▶ ASSIGNMENT
Each line below should be restated word for word.

(DATA EXTRACT)

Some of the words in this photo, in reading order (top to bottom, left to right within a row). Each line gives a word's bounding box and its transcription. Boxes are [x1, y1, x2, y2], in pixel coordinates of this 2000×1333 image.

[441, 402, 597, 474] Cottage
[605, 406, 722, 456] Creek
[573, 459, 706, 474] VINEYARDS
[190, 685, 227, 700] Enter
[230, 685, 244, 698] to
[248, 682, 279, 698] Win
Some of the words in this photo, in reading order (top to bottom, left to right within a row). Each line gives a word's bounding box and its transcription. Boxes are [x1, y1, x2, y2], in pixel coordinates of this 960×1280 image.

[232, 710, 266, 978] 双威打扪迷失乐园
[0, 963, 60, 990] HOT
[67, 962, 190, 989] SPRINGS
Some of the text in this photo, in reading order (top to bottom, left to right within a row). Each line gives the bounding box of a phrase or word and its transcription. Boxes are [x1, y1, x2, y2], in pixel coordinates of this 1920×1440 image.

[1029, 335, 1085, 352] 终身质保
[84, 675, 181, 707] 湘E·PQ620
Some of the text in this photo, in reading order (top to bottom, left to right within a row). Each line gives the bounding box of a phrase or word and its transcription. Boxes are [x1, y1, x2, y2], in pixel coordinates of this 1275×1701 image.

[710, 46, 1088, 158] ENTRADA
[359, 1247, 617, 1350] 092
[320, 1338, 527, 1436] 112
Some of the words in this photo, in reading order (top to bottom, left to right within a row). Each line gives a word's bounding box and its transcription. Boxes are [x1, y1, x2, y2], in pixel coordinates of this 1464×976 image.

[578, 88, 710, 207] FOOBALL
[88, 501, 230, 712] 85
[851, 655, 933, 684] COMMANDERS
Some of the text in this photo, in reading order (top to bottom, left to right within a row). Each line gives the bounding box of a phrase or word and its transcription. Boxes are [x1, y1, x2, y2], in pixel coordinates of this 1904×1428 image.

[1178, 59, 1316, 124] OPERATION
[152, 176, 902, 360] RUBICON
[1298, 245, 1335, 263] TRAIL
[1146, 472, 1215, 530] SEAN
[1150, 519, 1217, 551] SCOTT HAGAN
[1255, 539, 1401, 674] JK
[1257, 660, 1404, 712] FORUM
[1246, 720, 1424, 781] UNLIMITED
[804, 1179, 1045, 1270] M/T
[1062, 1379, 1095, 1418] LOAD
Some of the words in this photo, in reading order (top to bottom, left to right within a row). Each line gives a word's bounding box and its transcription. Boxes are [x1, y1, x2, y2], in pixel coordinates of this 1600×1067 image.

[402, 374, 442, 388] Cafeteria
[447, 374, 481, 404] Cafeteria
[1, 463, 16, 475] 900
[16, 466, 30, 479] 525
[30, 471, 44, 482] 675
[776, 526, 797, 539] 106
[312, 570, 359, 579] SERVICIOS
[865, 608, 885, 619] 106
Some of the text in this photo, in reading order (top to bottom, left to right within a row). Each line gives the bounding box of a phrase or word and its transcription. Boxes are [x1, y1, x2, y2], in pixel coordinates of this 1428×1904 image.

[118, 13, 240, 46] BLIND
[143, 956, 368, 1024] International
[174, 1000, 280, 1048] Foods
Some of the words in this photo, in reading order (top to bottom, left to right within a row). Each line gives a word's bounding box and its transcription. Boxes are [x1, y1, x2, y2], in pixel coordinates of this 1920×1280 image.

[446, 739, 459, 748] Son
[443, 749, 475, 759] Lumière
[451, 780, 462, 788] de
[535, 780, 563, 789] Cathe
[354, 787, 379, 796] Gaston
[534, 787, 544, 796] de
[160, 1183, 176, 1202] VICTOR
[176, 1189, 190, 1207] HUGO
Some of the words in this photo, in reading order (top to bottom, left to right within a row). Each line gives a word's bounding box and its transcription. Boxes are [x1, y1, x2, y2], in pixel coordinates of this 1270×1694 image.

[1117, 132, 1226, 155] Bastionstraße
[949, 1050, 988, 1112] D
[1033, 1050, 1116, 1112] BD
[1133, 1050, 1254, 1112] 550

(End DATA EXTRACT)

▶ WRITTEN ANSWER
Some of the words in this photo, in reading order (top to bottom, left to right within a row). Each line gives a word's bounding box and its transcription. Boxes are [x1, y1, x2, y2], in pixel coordinates of this 2000×1333 image.

[441, 402, 597, 474] Cottage
[605, 406, 722, 456] Creek
[573, 459, 706, 474] VINEYARDS
[190, 685, 227, 700] Enter
[230, 685, 244, 698] to
[248, 682, 279, 698] Win
Some of the words in this photo, in reading order (top to bottom, left to right within a row). Each line gives a word's bounding box and its transcription. Boxes are [x1, y1, x2, y2], in pixel coordinates of this 960×1280 image.

[232, 710, 266, 978] 双威打扪迷失乐园
[0, 963, 60, 990] HOT
[67, 962, 190, 989] SPRINGS
Some of the text in this photo, in reading order (top to bottom, left to right within a row). Each line gives the bounding box of a phrase or word and its transcription. Boxes are [x1, y1, x2, y2], in pixel coordinates of this 1920×1440 image.

[1029, 335, 1085, 352] 终身质保
[84, 675, 181, 707] 湘E·PQ620
Some of the text in this photo, in reading order (top to bottom, left to right within a row). Each line gives the bounding box of a phrase or word and its transcription. Boxes are [x1, y1, x2, y2], in pixel coordinates of this 1275×1701 image.

[710, 46, 1088, 158] ENTRADA
[359, 1247, 617, 1350] 092
[320, 1338, 527, 1436] 112
Some of the words in this photo, in reading order (top to bottom, left to right within a row). Each line gives a word's bounding box and its transcription. Boxes are [x1, y1, x2, y2], in pixel coordinates of this 1464×976 image.

[578, 88, 710, 207] FOOBALL
[88, 501, 230, 712] 85
[851, 655, 933, 684] COMMANDERS
Some of the text in this photo, in reading order (top to bottom, left to right within a row). Each line gives the bounding box of a phrase or word and its transcription. Boxes are [x1, y1, x2, y2], in pixel coordinates of this 1904×1428 image.

[1178, 59, 1316, 124] OPERATION
[152, 176, 902, 360] RUBICON
[1298, 245, 1335, 263] TRAIL
[1146, 472, 1215, 530] SEAN
[1150, 519, 1217, 551] SCOTT HAGAN
[1255, 539, 1401, 674] JK
[1257, 660, 1404, 712] FORUM
[1246, 720, 1424, 781] UNLIMITED
[804, 1179, 1045, 1270] M/T
[1062, 1379, 1095, 1418] LOAD
Some of the words in this photo, in reading order (top to bottom, left to right within a row). Each line gives a word's bounding box and its transcription. Boxes are [x1, y1, x2, y2], in pixel coordinates of this 1600×1067 image.

[402, 374, 442, 388] Cafeteria
[447, 374, 481, 404] Cafeteria
[1, 463, 16, 475] 900
[16, 466, 30, 479] 525
[30, 471, 44, 482] 675
[776, 526, 797, 539] 106
[312, 570, 359, 579] SERVICIOS
[865, 608, 885, 619] 106
Some of the text in this photo, in reading order (top to bottom, left to right within a row). Each line gives the bounding box of a phrase or word and its transcription. Boxes are [x1, y1, x2, y2], in pixel coordinates of this 1428×1904 image.

[118, 13, 240, 46] BLIND
[143, 956, 368, 1024] International
[174, 1000, 280, 1048] Foods
Some of the words in this photo, in reading order (top to bottom, left to right within a row). Each line gives a word's bounding box and its transcription. Boxes are [x1, y1, x2, y2], in pixel coordinates of this 1920×1280 image.

[446, 739, 459, 748] Son
[443, 749, 475, 759] Lumière
[451, 780, 462, 788] de
[535, 780, 563, 789] Cathe
[354, 787, 379, 796] Gaston
[534, 787, 544, 796] de
[160, 1183, 176, 1202] VICTOR
[176, 1189, 190, 1207] HUGO
Some of the words in this photo, in reading order (top to bottom, left to right within a row). Each line gives a word's bounding box and its transcription. Boxes are [x1, y1, x2, y2], in pixel coordinates of this 1270×1694 image.

[1117, 132, 1226, 155] Bastionstraße
[949, 1050, 988, 1112] D
[1033, 1050, 1116, 1112] BD
[1133, 1050, 1254, 1112] 550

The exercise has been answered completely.